ACTION ITEM>
What follows is a set of entries. Repeat them exactly, but not their pictures.

^^^^^^^^

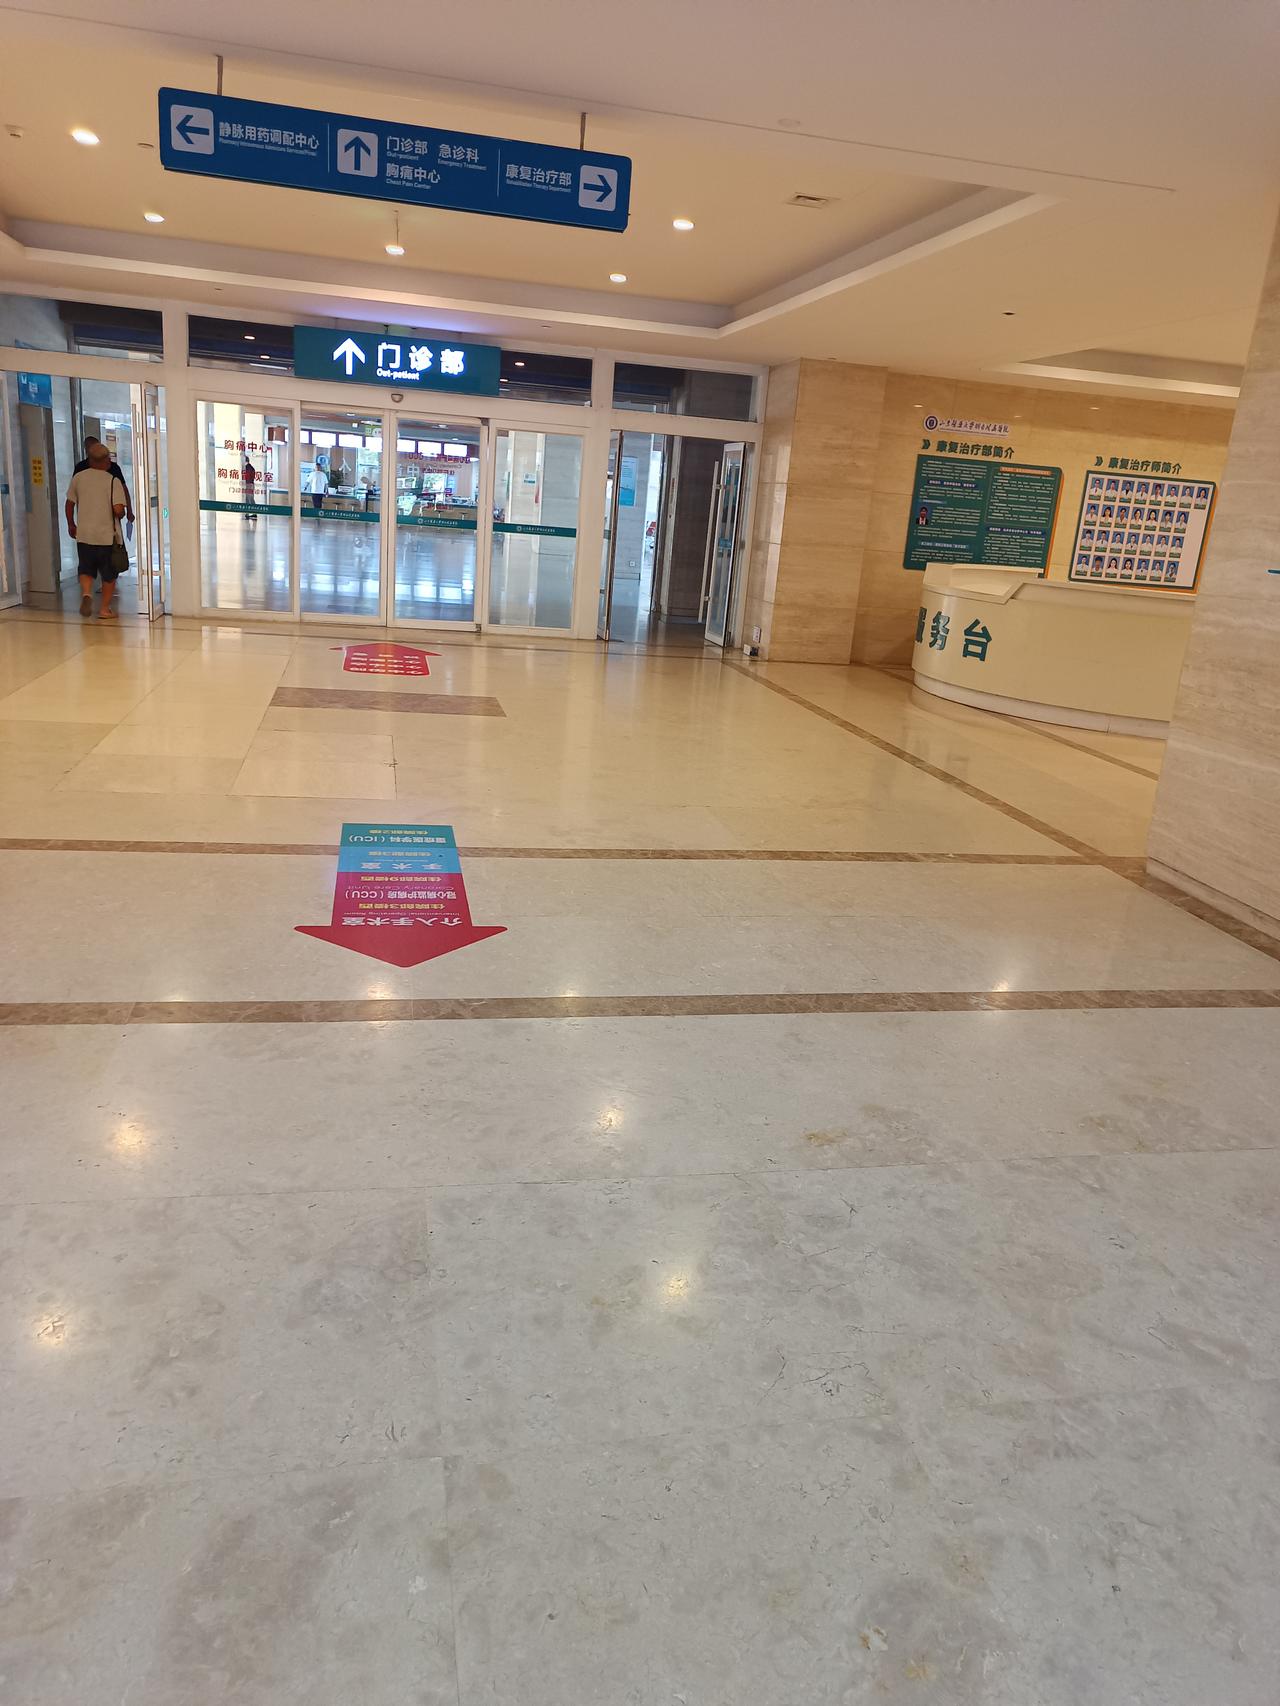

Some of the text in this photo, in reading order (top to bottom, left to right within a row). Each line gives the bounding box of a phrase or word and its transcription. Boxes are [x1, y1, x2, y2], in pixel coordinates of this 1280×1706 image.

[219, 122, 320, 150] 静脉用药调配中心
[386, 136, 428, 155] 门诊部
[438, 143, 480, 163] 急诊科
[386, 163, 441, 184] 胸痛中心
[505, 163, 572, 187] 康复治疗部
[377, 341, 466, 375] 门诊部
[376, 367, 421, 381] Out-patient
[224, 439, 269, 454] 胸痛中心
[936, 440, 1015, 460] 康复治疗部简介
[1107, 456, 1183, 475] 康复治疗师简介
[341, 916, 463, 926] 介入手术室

^^^^^^^^

WRITTEN SOLUTION>
Some of the text in this photo, in reading order (top to bottom, left to right within a row). Each line gives the bounding box of a phrase or word and its transcription. Boxes are [x1, y1, x2, y2], in pixel coordinates of this 1280×1706 image.

[219, 122, 320, 150] 静脉用药调配中心
[386, 136, 428, 155] 门诊部
[438, 143, 480, 163] 急诊科
[386, 163, 441, 184] 胸痛中心
[505, 163, 572, 187] 康复治疗部
[377, 341, 466, 375] 门诊部
[376, 367, 421, 381] Out-patient
[224, 439, 269, 454] 胸痛中心
[936, 440, 1015, 460] 康复治疗部简介
[1107, 456, 1183, 475] 康复治疗师简介
[341, 916, 463, 926] 介入手术室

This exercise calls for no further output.